──────── SUPPLIED INFORMATION ────────

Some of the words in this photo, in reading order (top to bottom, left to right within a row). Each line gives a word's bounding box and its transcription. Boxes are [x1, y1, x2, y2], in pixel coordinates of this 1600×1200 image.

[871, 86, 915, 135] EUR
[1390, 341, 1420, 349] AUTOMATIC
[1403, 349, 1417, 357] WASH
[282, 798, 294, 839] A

────────

TRY IT:
Each record above has to be set down again, word for word.

TASK RESPONSE:
Some of the words in this photo, in reading order (top to bottom, left to right within a row). Each line gives a word's bounding box and its transcription. Boxes are [x1, y1, x2, y2], in pixel coordinates of this 1600×1200 image.

[871, 86, 915, 135] EUR
[1390, 341, 1420, 349] AUTOMATIC
[1403, 349, 1417, 357] WASH
[282, 798, 294, 839] A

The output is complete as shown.